(Exercise inputs begins)

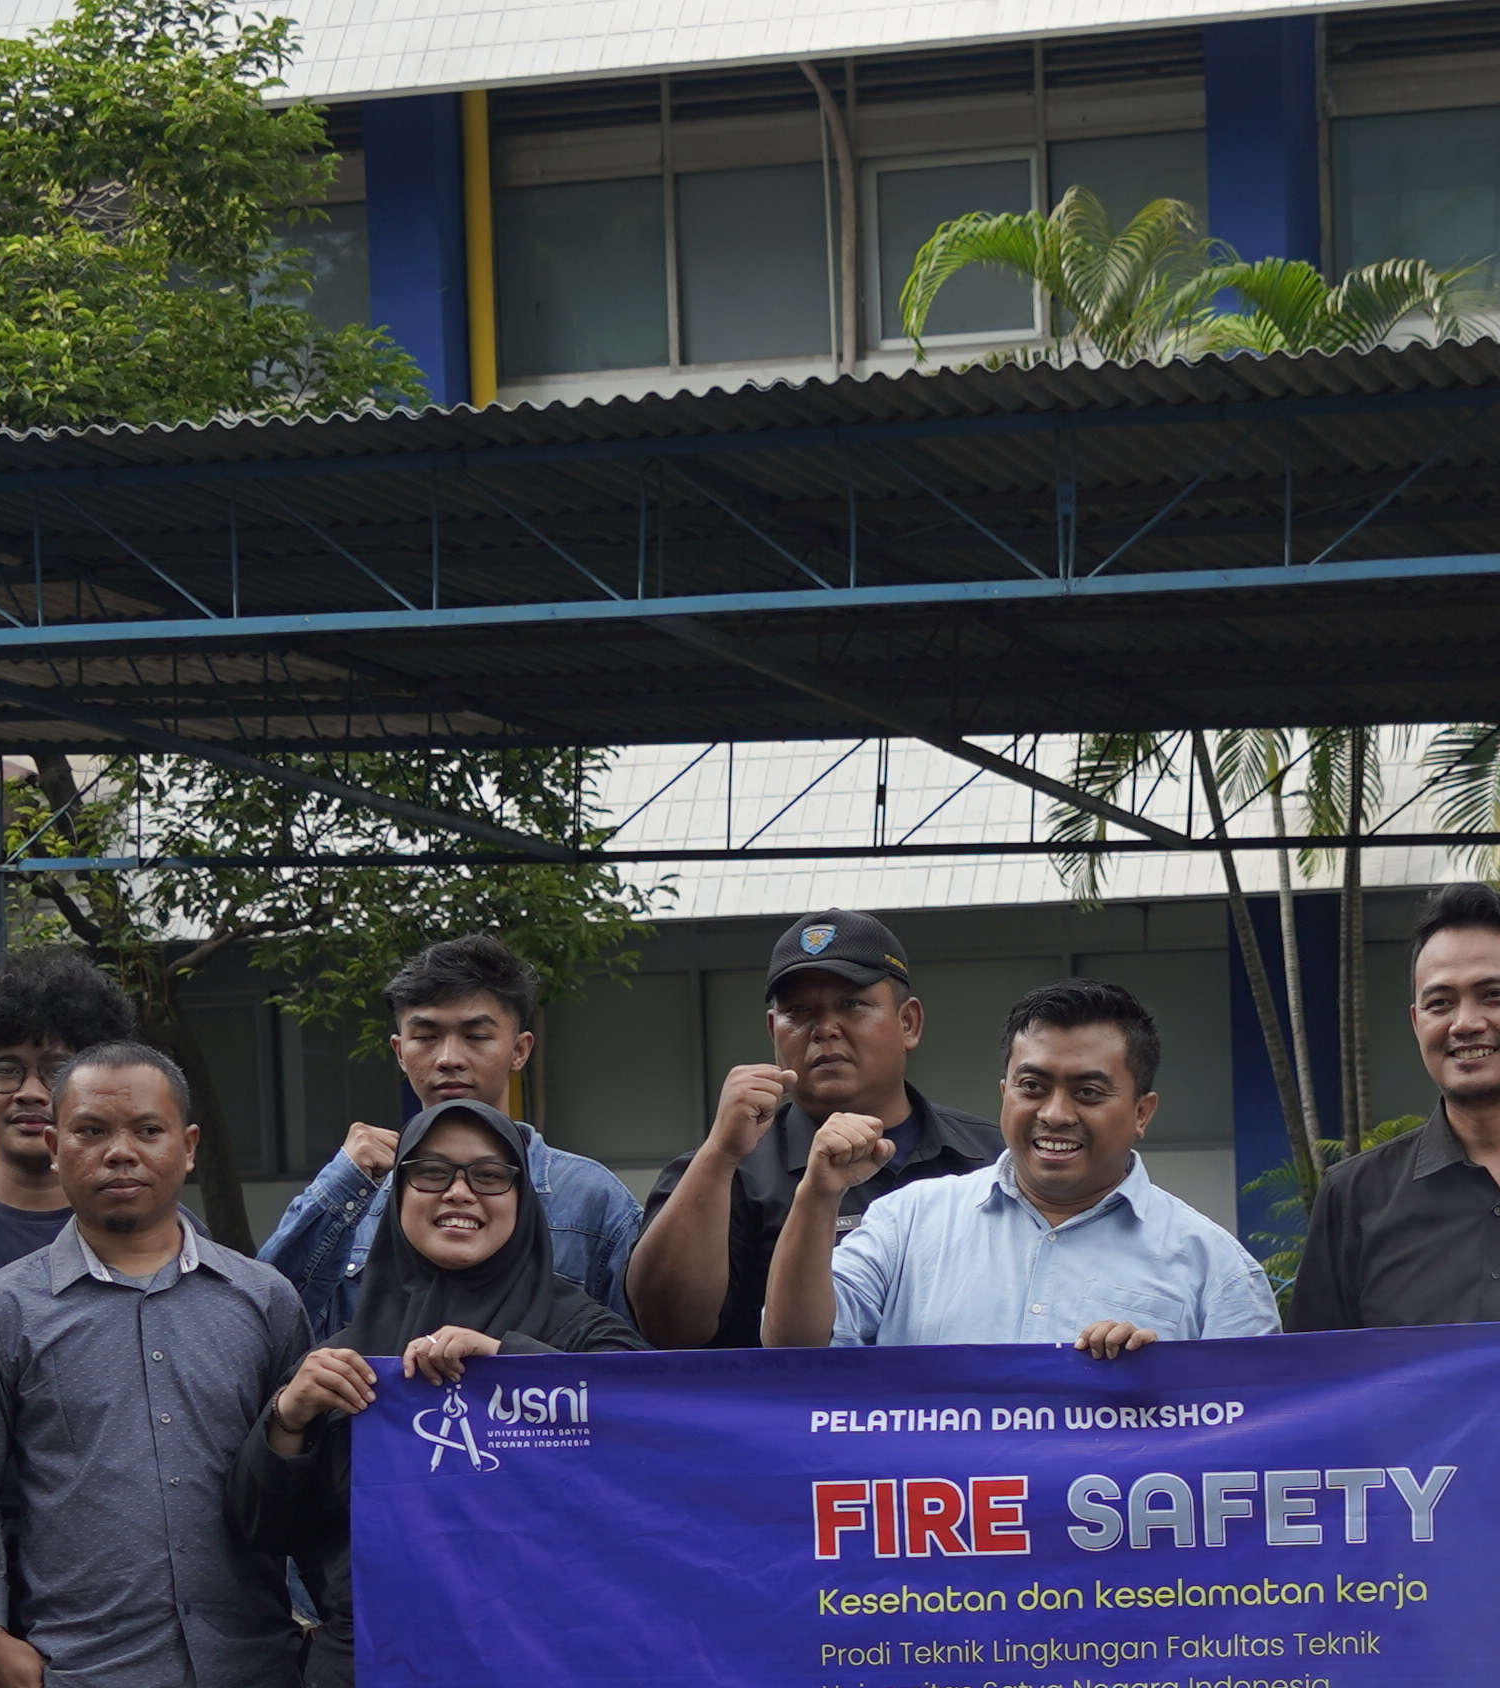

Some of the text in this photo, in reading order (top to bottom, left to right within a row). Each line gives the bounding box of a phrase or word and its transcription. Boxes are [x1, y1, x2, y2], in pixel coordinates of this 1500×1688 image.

[810, 1401, 1245, 1433] PELATIHAN DAN WORKSHOP
[811, 1465, 1459, 1561] FIRE SAFETY
[819, 1572, 1428, 1616] Kesehatan dan keselamatan kerja
[821, 1630, 1381, 1670] Prodi Teknik Lingkungan Fakultas Teknik
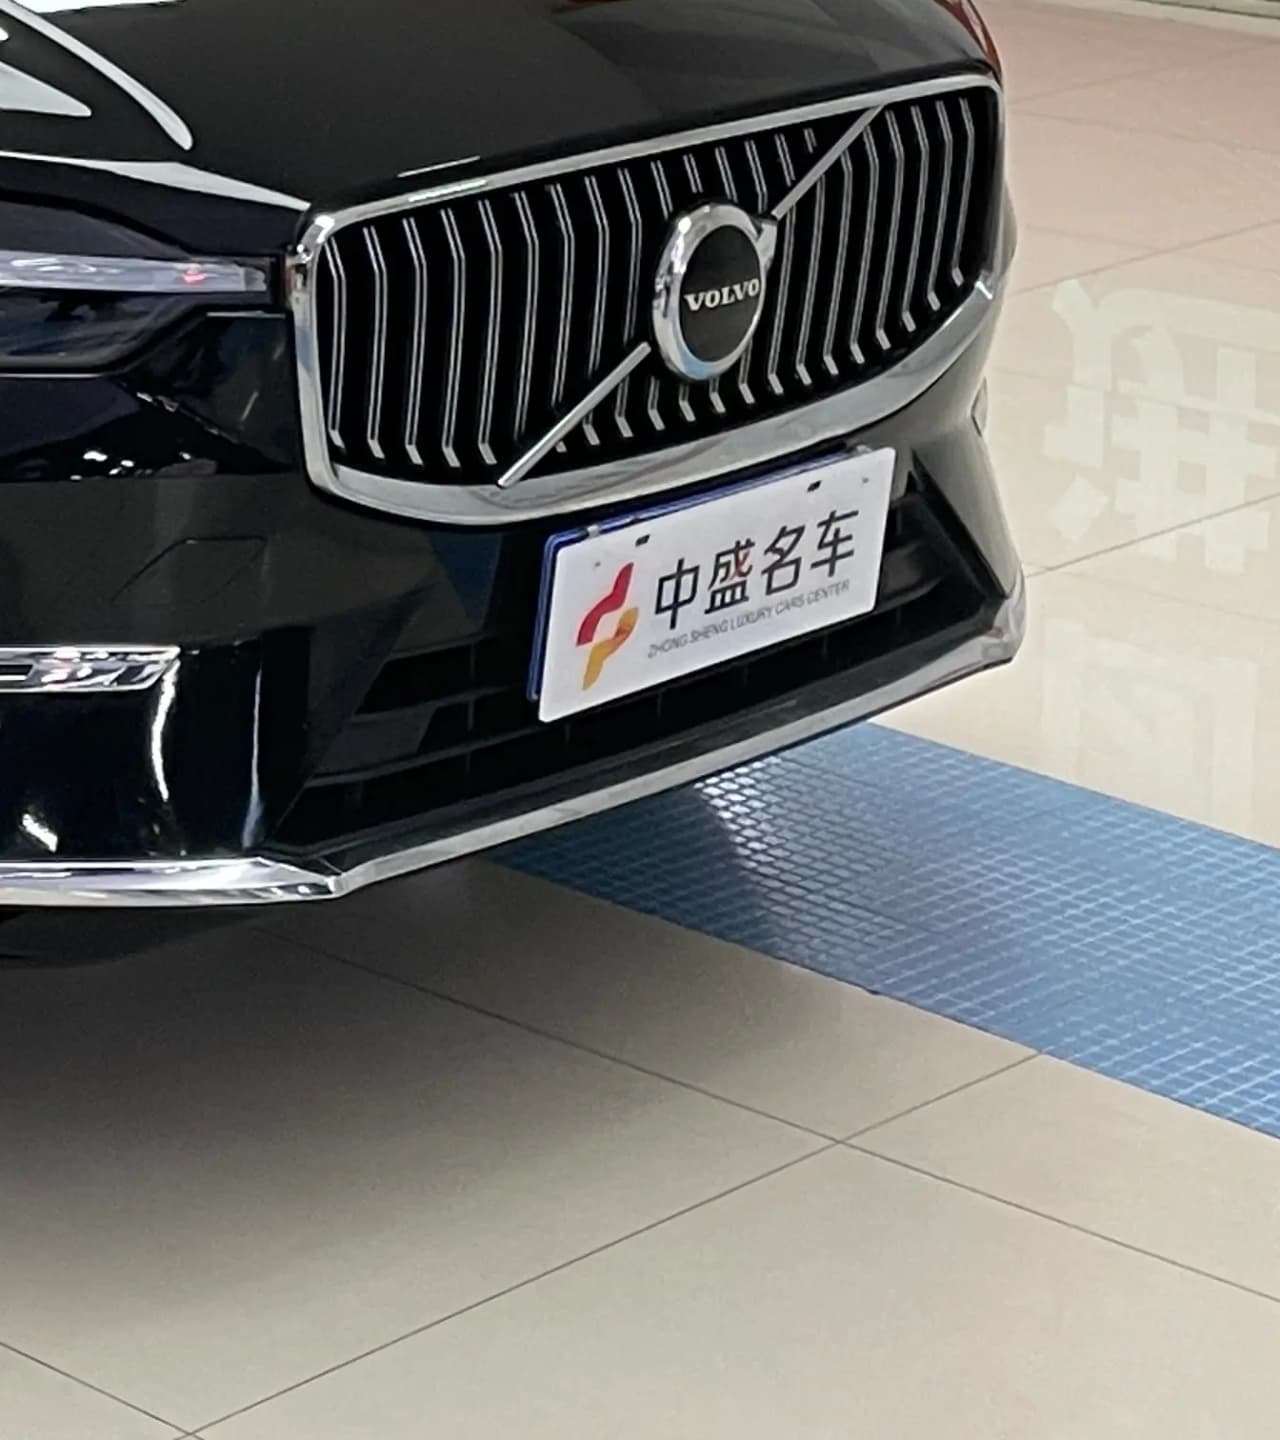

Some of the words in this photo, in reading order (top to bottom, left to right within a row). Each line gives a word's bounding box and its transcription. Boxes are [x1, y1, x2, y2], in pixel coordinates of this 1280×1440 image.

[683, 279, 760, 311] VOLVO
[654, 510, 860, 630] 中盛名车
[648, 633, 689, 658] ZHONG
[691, 618, 728, 643] SHENG
[776, 595, 805, 616] CARS
[807, 579, 850, 605] CENTER
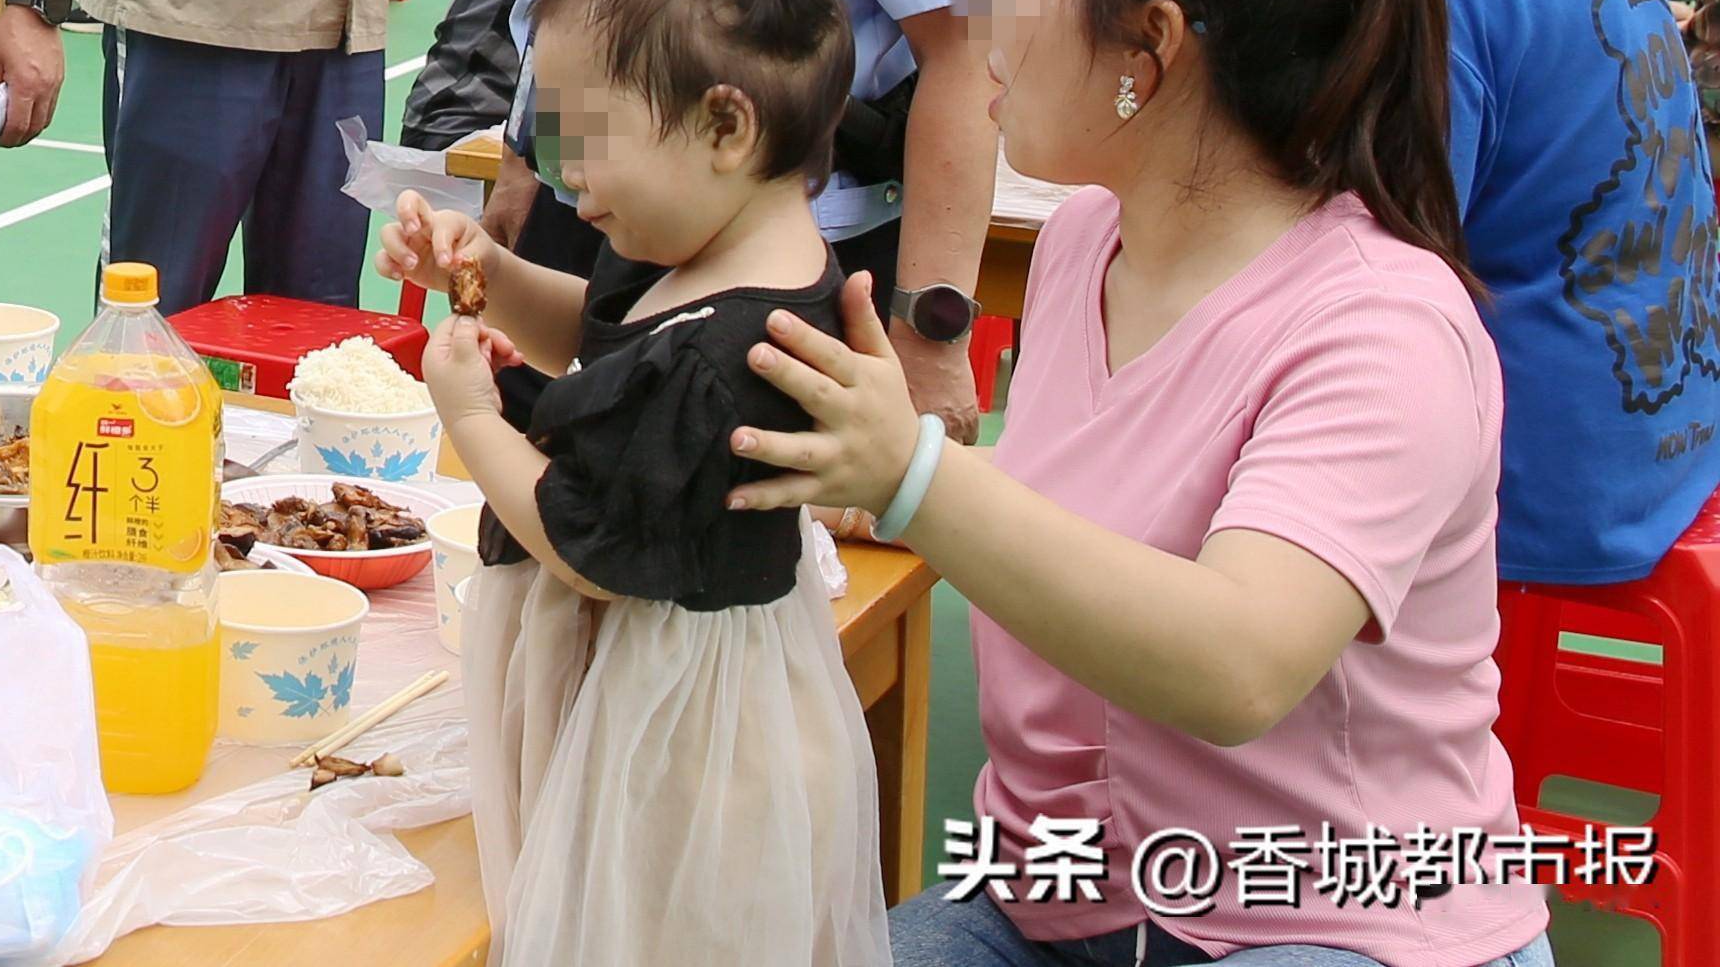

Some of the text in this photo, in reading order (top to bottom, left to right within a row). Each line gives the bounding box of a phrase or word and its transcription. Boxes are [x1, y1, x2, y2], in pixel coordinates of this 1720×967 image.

(Exercise inputs ends)

Write each entry again exactly, minus any images.

** Answer below **
Some of the text in this photo, in reading order (top to bottom, left to right within a row). Each line gives the bounding box of a phrase or word and its transcription. Boxes are [x1, y1, x2, y2], in pixel coordinates of this 1500×1688 image.

[810, 1401, 1245, 1433] PELATIHAN DAN WORKSHOP
[811, 1465, 1459, 1561] FIRE SAFETY
[819, 1572, 1428, 1616] Kesehatan dan keselamatan kerja
[821, 1630, 1381, 1670] Prodi Teknik Lingkungan Fakultas Teknik

Some of the words in this photo, in reading order (top to bottom, left to right within a row). Each line gives a word's bounding box and its transcription. Boxes are [x1, y1, x2, y2], in pixel coordinates of this 1280×1440 image.

[683, 279, 760, 311] VOLVO
[654, 510, 860, 630] 中盛名车
[648, 633, 689, 658] ZHONG
[691, 618, 728, 643] SHENG
[776, 595, 805, 616] CARS
[807, 579, 850, 605] CENTER

Some of the text in this photo, in reading order (top to bottom, left to right within a row). Each line gives the bounding box of a phrase or word and its transcription. Boxes are [x1, y1, x2, y2], in pixel coordinates of this 1720×967 image.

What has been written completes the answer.